WHAT THIS TASK INVOLVES: A faithful copy of every record is needed here. Images must not appear in it.

◆ ◆ ◆ ◆

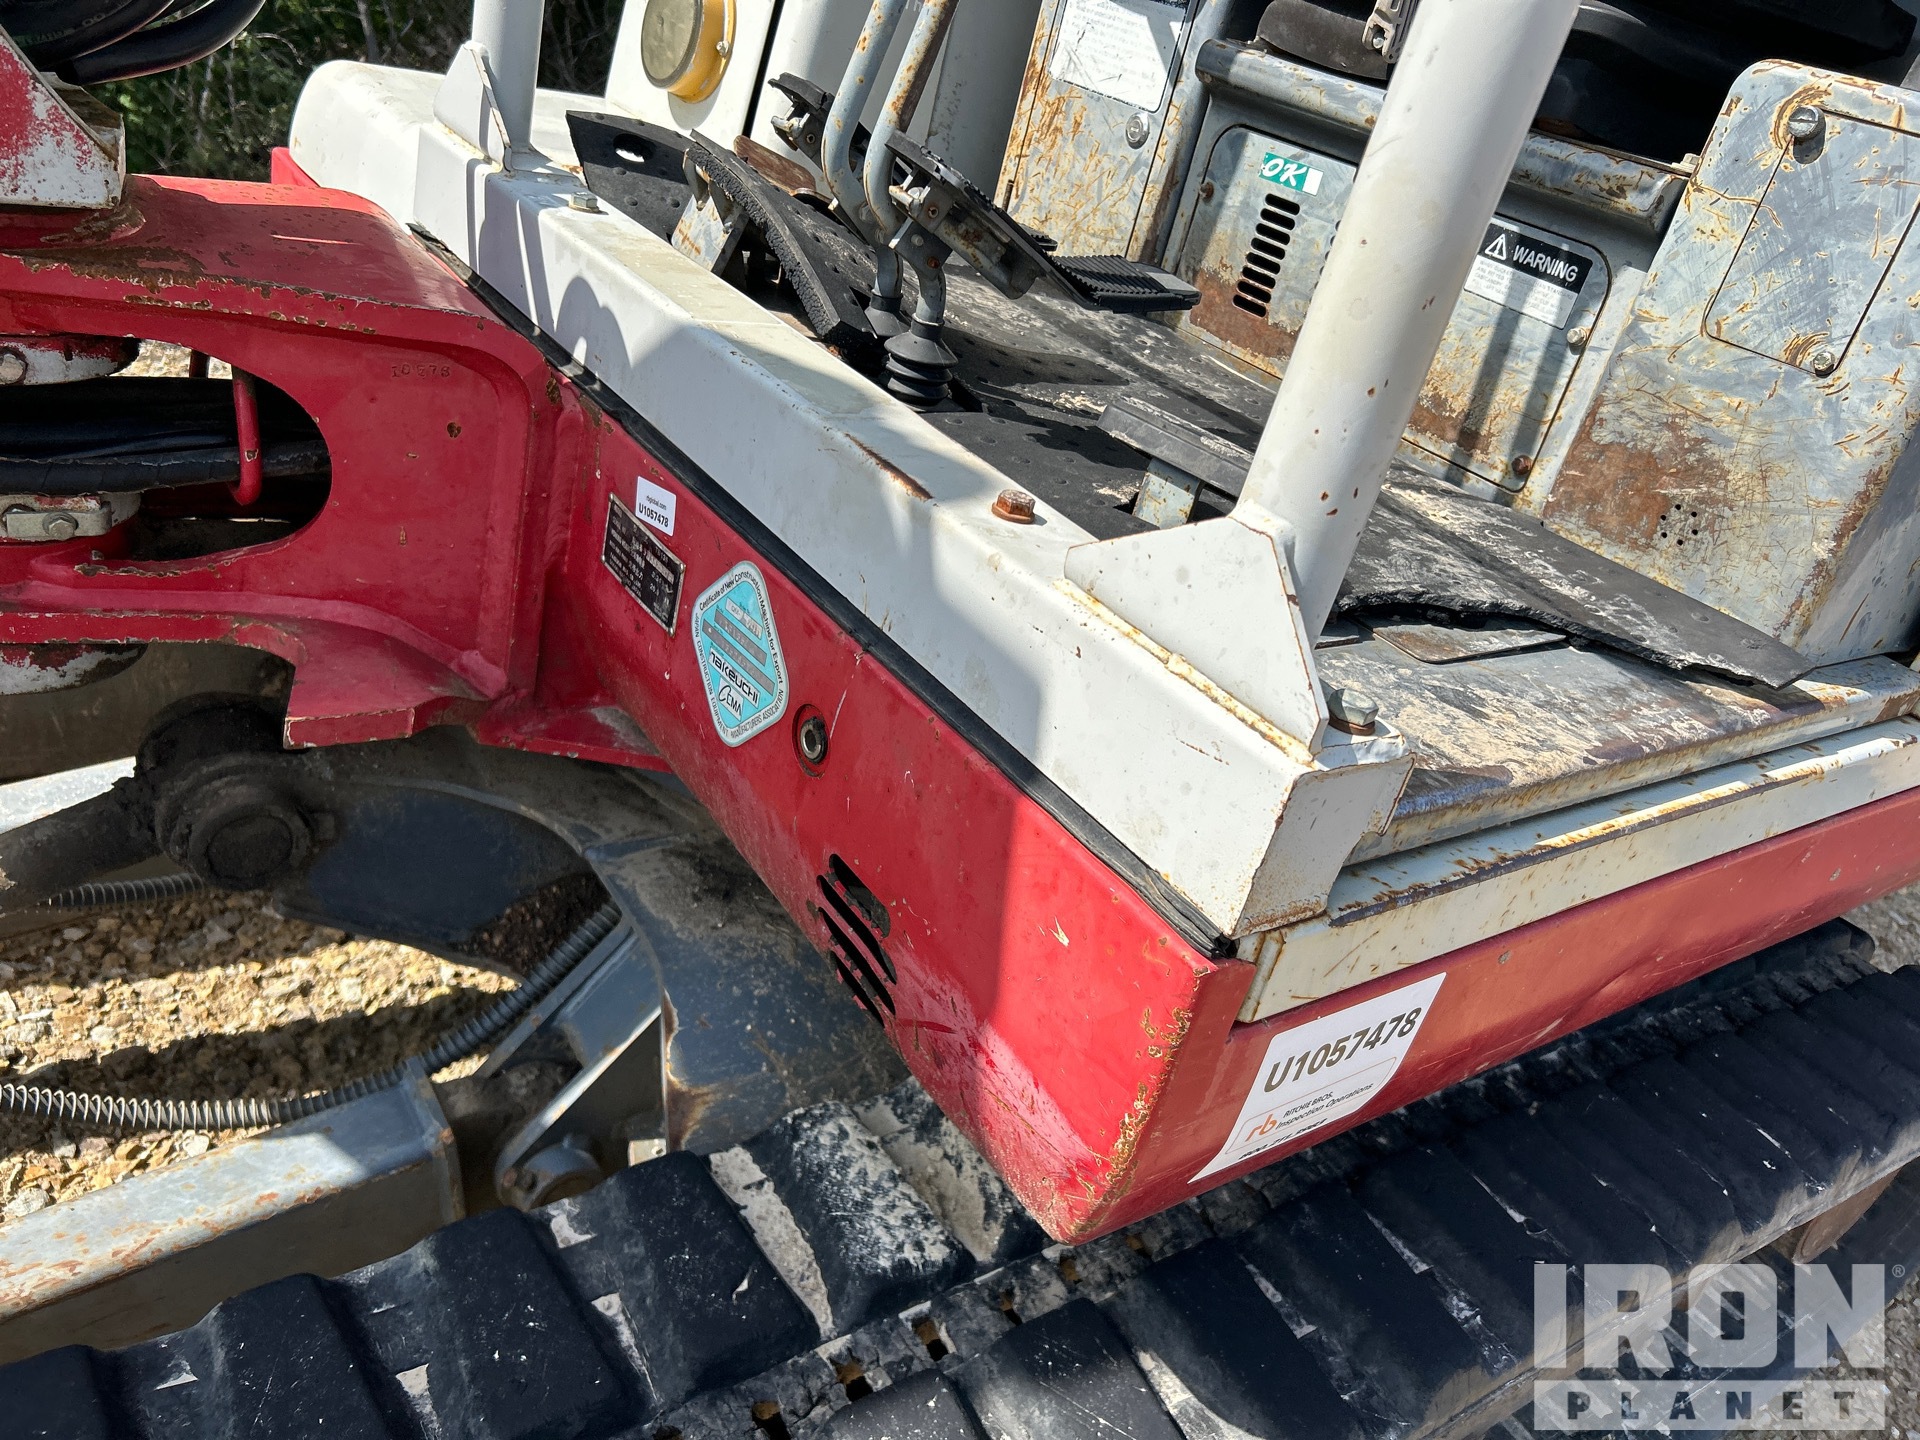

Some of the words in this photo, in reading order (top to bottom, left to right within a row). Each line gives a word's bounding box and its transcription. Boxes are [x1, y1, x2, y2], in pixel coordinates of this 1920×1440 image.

[1261, 158, 1308, 187] OK
[1512, 244, 1579, 282] WARNING
[638, 502, 669, 528] U1057478
[699, 589, 721, 611] Certificate
[724, 578, 735, 592] New
[734, 571, 762, 600] Construction
[760, 599, 772, 638] Machine
[772, 652, 784, 684] Export
[696, 640, 713, 695] CONSTRUCTION
[762, 689, 784, 721] ASSOCIATION
[1264, 1007, 1422, 1093] U1057478
[1275, 1104, 1325, 1130] Inspection
[1325, 1083, 1374, 1108] Operations
[1282, 1100, 1313, 1118] RITCHIE
[1245, 1113, 1278, 1143] rb

◆ ◆ ◆ ◆

RESPONSE TO THIS TASK:
Some of the words in this photo, in reading order (top to bottom, left to right within a row). Each line gives a word's bounding box and its transcription. Boxes are [x1, y1, x2, y2], in pixel coordinates of this 1920×1440 image.

[1261, 158, 1308, 187] OK
[1512, 244, 1579, 282] WARNING
[638, 502, 669, 528] U1057478
[699, 589, 721, 611] Certificate
[724, 578, 735, 592] New
[734, 571, 762, 600] Construction
[760, 599, 772, 638] Machine
[772, 652, 784, 684] Export
[696, 640, 713, 695] CONSTRUCTION
[762, 689, 784, 721] ASSOCIATION
[1264, 1007, 1422, 1093] U1057478
[1275, 1104, 1325, 1130] Inspection
[1325, 1083, 1374, 1108] Operations
[1282, 1100, 1313, 1118] RITCHIE
[1245, 1113, 1278, 1143] rb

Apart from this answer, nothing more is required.